Growing up in Phoenix, we had a rather large Ash tree in the front yard where birds often nested. When I was about 8 years old, Camie (my sister), Jonathan (my God-brother) and I found a dead bird that likely fell from the higher points of that 20ft. tree. Being kids, we were sad to see the dead bird. We decided it had to be buried. We look around the house and found a shoe box, some flowers and a RIP cake topper. My Dad just turned 40, and he had an over the hill party (not sure if those are still a thing) and he had a cake topper that was in the shape of a headstone that said, “RIP.” We snagged it and used it for the bird’s headstone.
We placed the bird in the shoe box, and dug a little hole. We said a prayer. I really wanted to light the shoe box on fire, because that’s how I seen our cremation ceremonies go on the rez.
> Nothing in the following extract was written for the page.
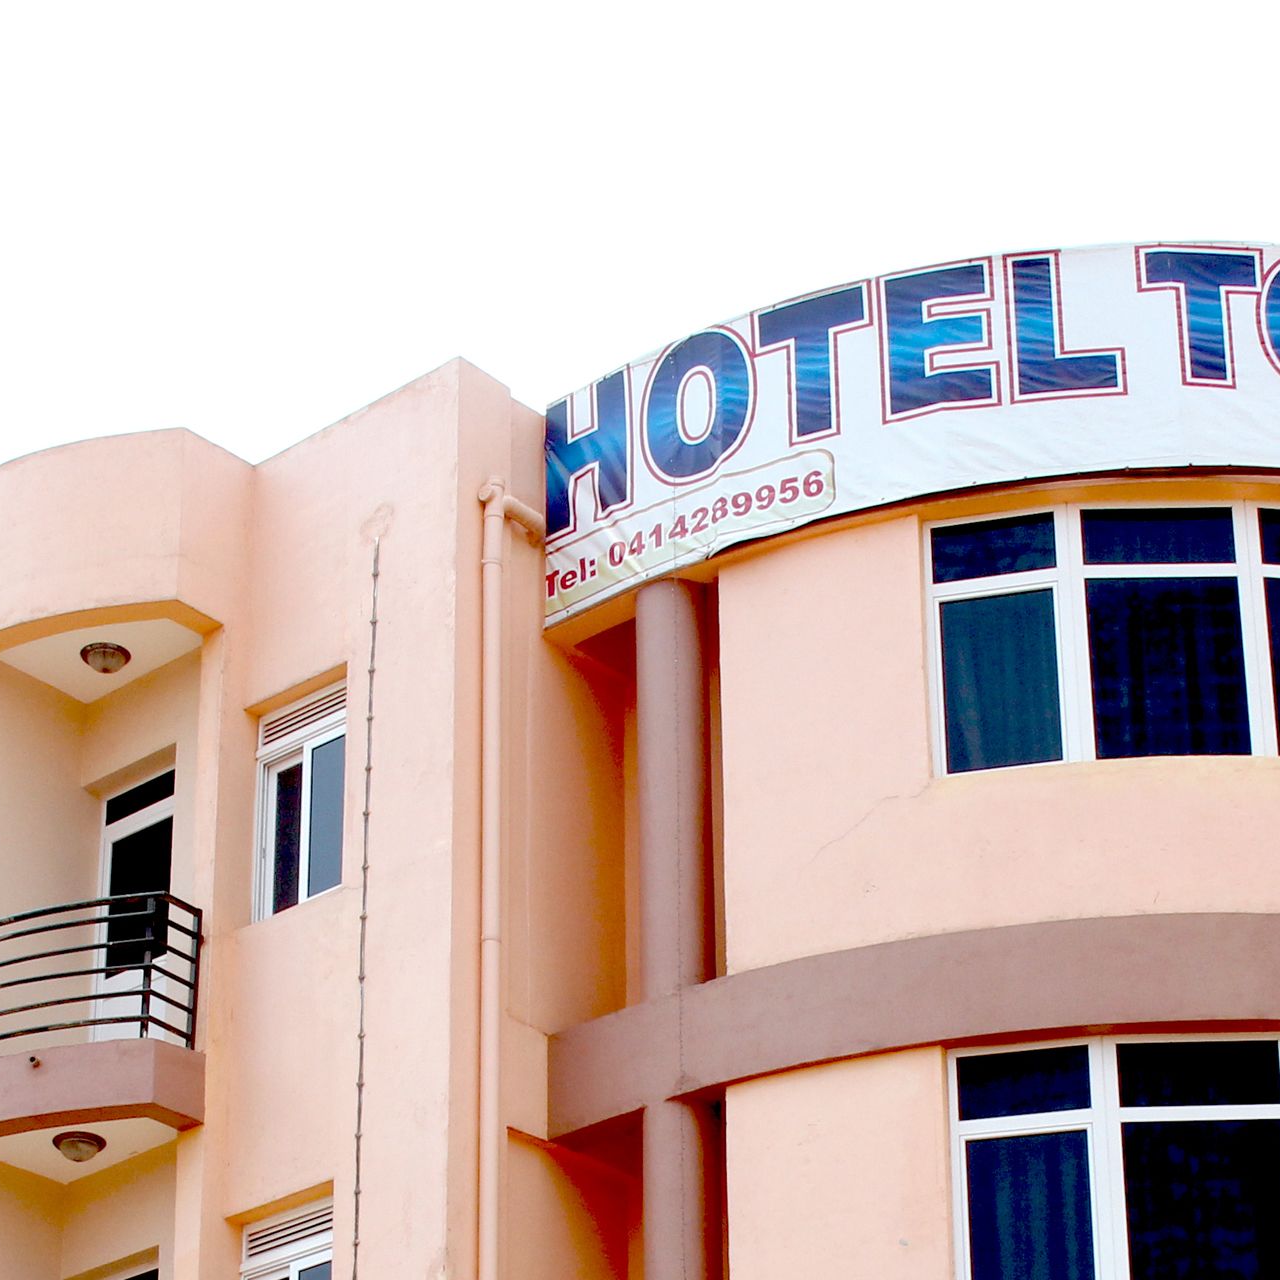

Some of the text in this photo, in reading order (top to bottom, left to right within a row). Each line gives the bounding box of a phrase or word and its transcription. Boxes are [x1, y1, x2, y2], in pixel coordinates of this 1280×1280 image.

[545, 249, 1127, 544] HOTEL
[545, 470, 824, 597] Tel: 0414289956
But I also knew that we lived in the city, and I wasn’t sure if PETA would get mad at us for lighting a dead bird on fire. So, we just buried the bird. We said a prayer and offered as many kind words as kids could offer. After the bird funeral, I wondered if we needed to smoke (I’ve only heard the term “smoke” used as opposed to “smudge”) ourselves. It was because one of the times I was in our Big House (where we hold the wake for funerals) I overheard some older Quechan men talking. They said, “we need to cleanse ourselves of these spirits.” They proceeded toward a basket that was filled with hard candies and packs of cigarettes. I watched them load their pockets with Marlboro Reds, and head out of the Big House. I could see them through the clear windows, and watched the orange glow of the cigarettes as they started smoking beneath the awning. I didn’t really think about it much at the time, but now that I’m a little older, I keep wondering…. when did Marlboro Reds become sacred? Or if not sacred, when did they become apart of cleansing ourselves of spirits? I get the smoking part, but if we are trying to be traditional, why not grow your own tobacco to use instead of smoking tar and arsenic filled tobacco? Either way, I think people would of frowned at me, my sister, and God-brother if we decided to light one up to cleanse ourselves of that bird’s spirit… I mean we were under 11 years old.
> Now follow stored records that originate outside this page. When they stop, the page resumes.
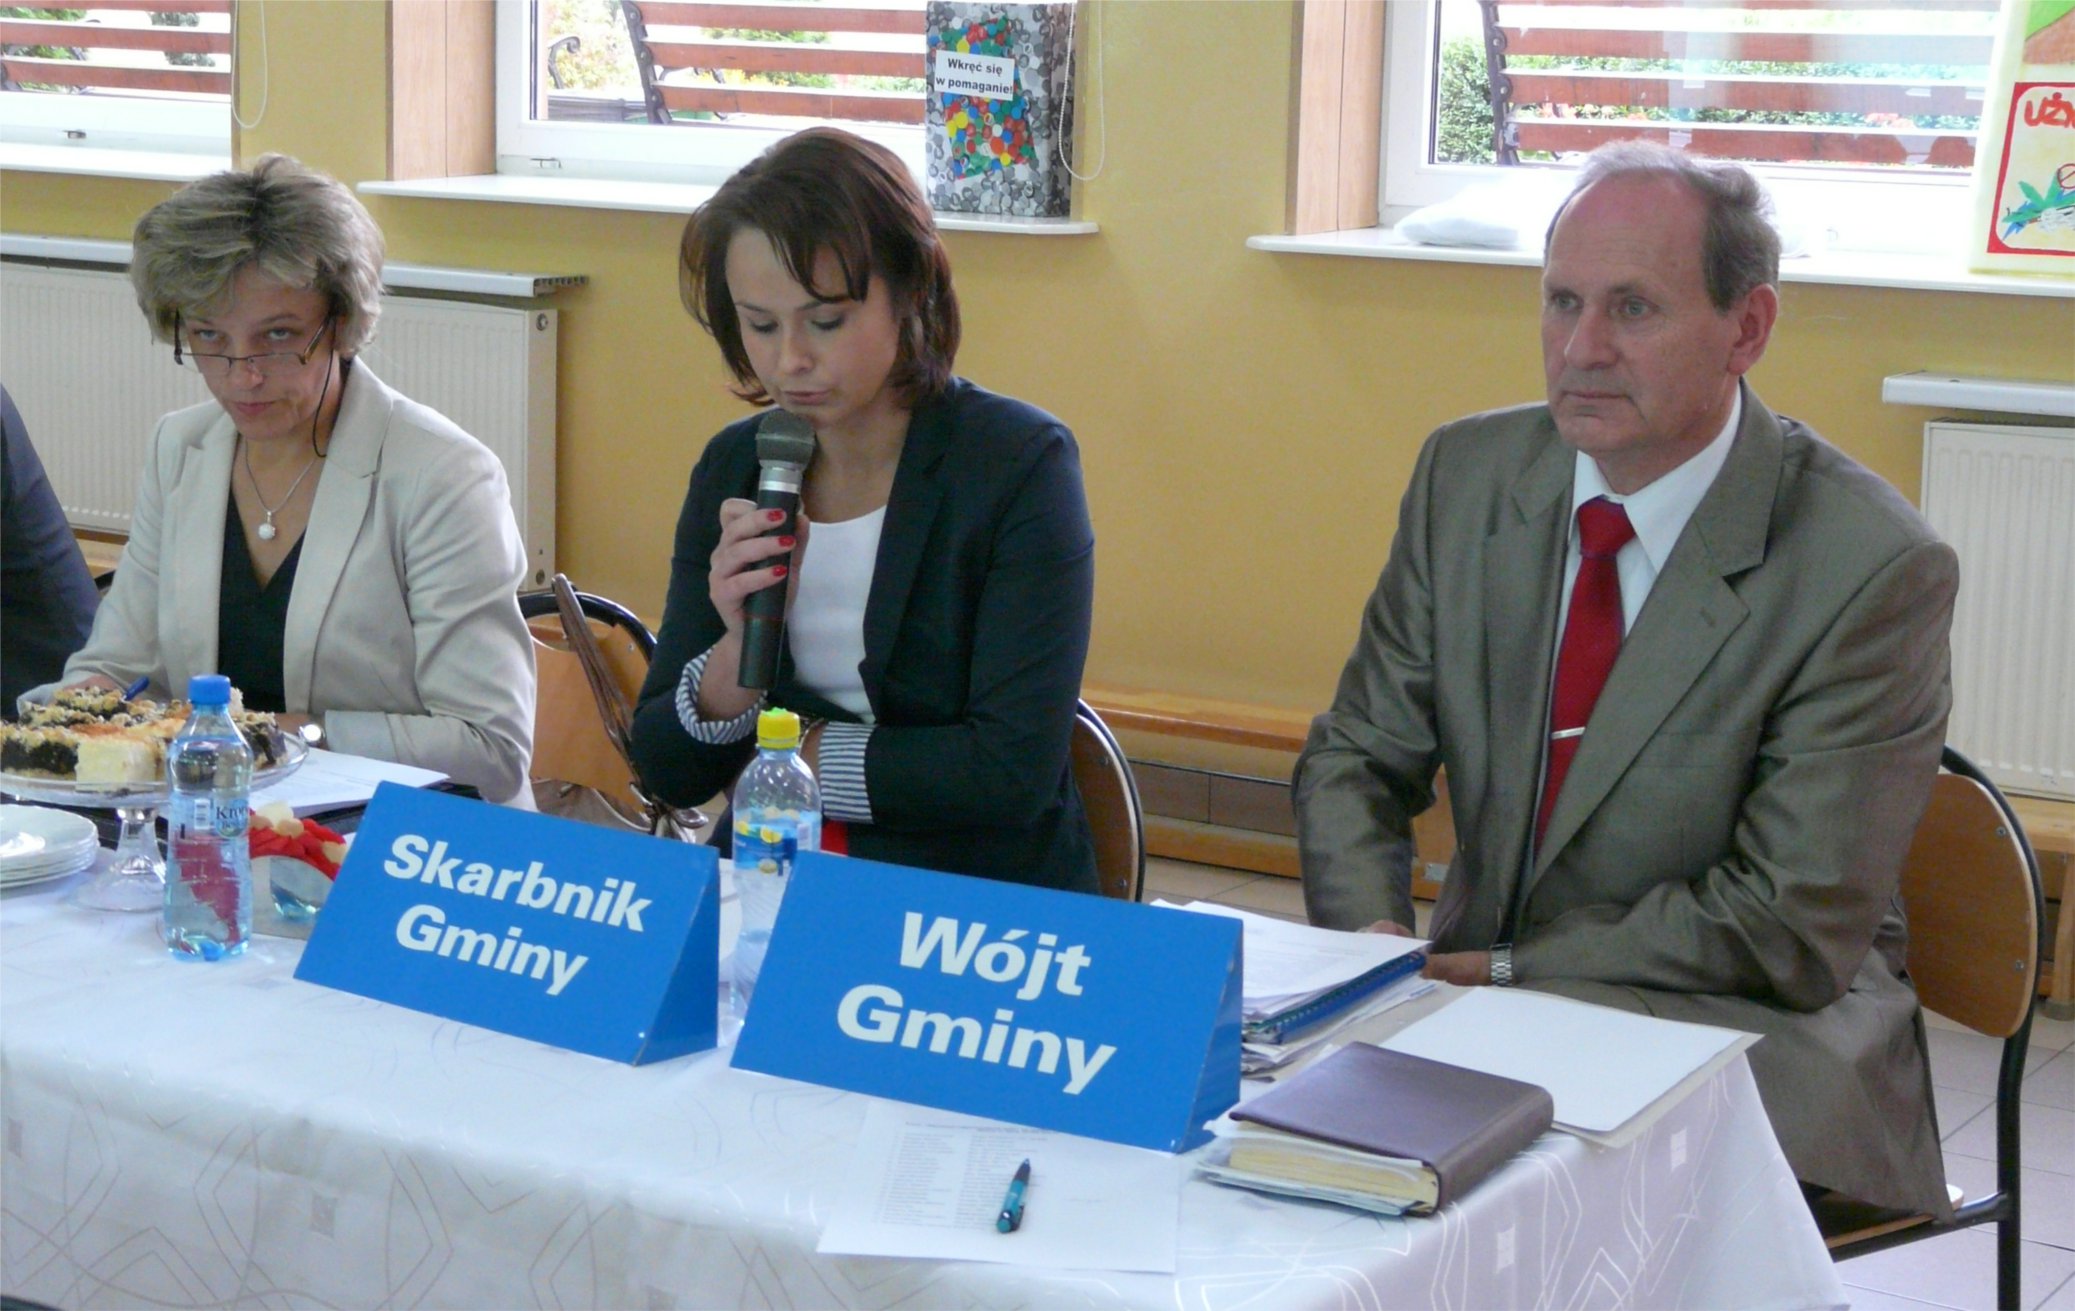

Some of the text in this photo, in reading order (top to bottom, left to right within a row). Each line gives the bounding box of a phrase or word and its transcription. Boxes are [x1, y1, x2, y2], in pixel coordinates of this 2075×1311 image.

[936, 77, 1013, 95] w pomaganie!
[948, 58, 1003, 77] Wkręć się
[383, 834, 652, 932] Skarbnik
[395, 904, 588, 996] Gminy
[900, 911, 1091, 1001] Wójt
[836, 984, 1117, 1096] Gminy
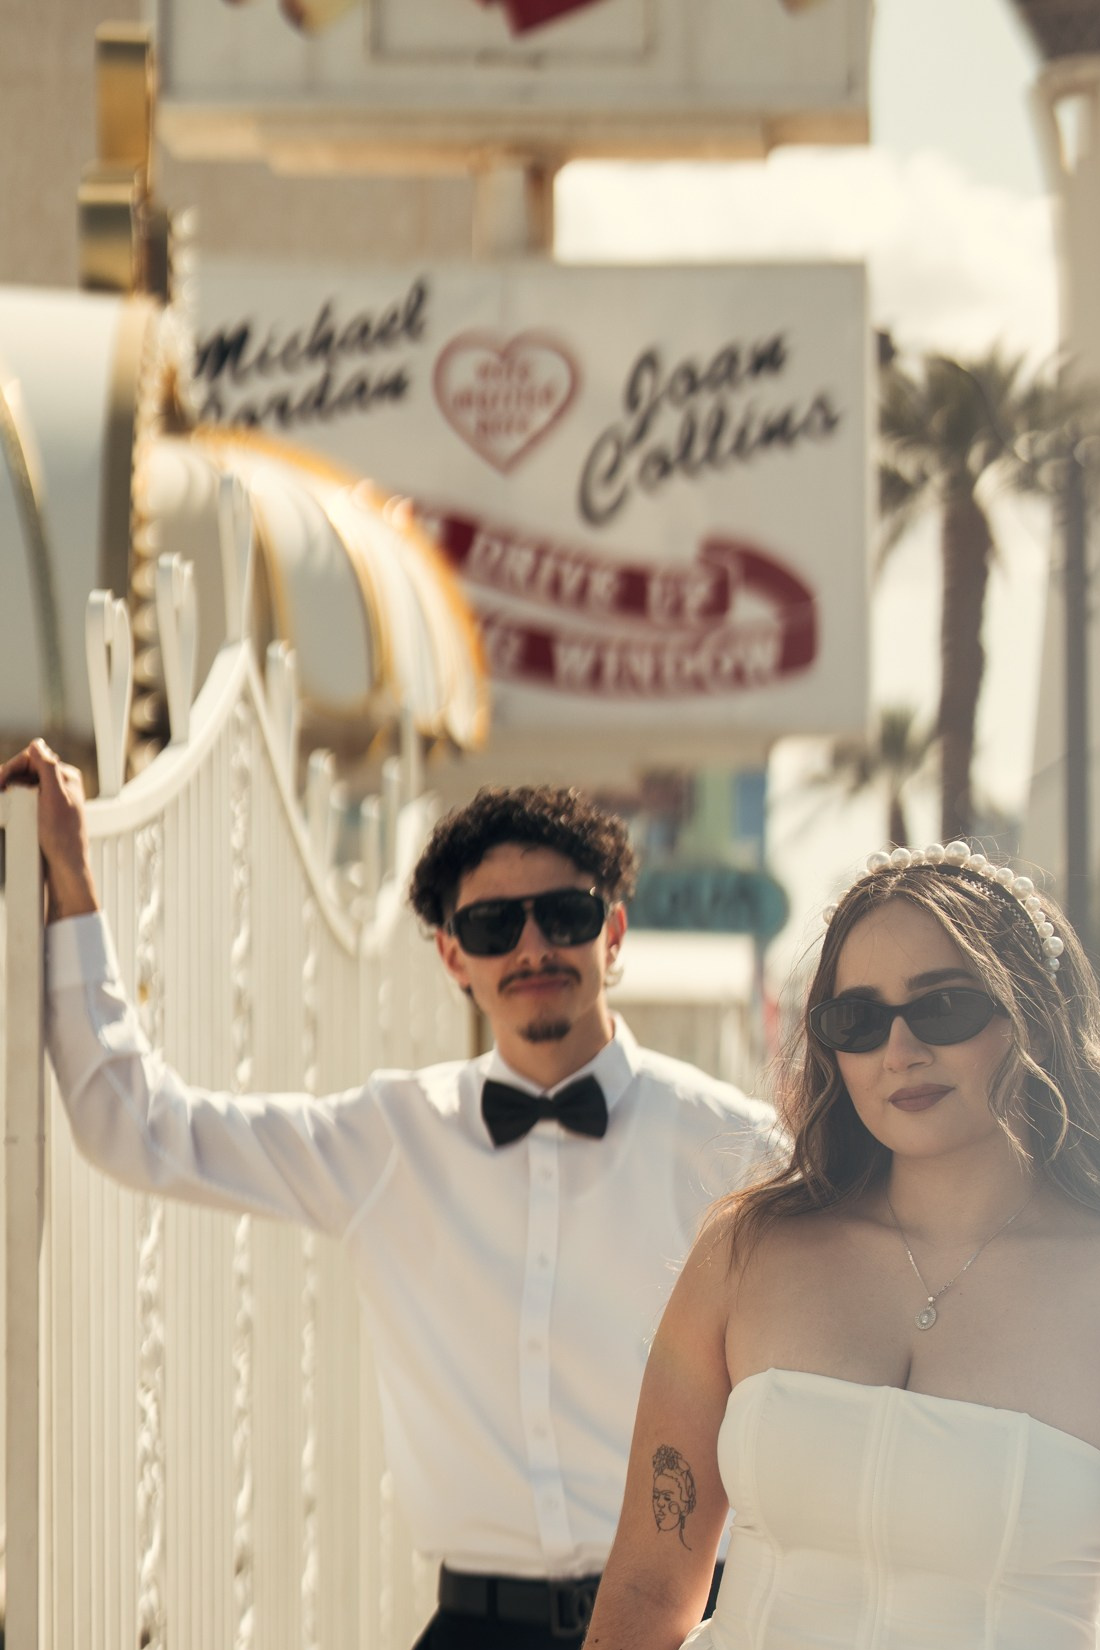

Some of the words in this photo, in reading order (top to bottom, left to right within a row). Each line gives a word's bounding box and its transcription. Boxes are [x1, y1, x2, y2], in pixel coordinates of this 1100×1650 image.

[192, 272, 430, 386] Michael
[622, 332, 788, 455] Joan
[576, 388, 842, 530] Collins
[466, 528, 619, 612] DRIVE
[555, 637, 777, 694] WINDOW
But I often wondered the same thing in the Christian church. I remember as a kid going to Walmart with the pastor to get grape juice to serve communion the next day. Occasionally someone whipped up some tortillas and I would help serve it to the congregation. When we were done, my God brother and I would go in the back and drink up all of the rest of the grape juice and eat the rest of the tortillas. I don’t know if that makes me extra sinful or extra Holy. I just know those tortillas were awesome. But I wonder when Walmart grape juice and tortillas became a part of communion?
Anyways, I guess someone could make their own juice from some vineyard in California. And I’m not complaining about those tortillas, because they were by far better than those wafer crackers that I had in White churches. There’s been a few times I’ve taken communion with stale crackers. And sometimes those crackers were stale, old, and dusty. When you took a bite, it felt like you just bit the tip of a piece of chalk. And then it felt like that chalk blew up in your mouth like baby powder. Except it didn’t taste like baby powder, it tasted like dirt.
But all I’m saying is, it’s good to think about the things we’re doing and remember why we’re doing them.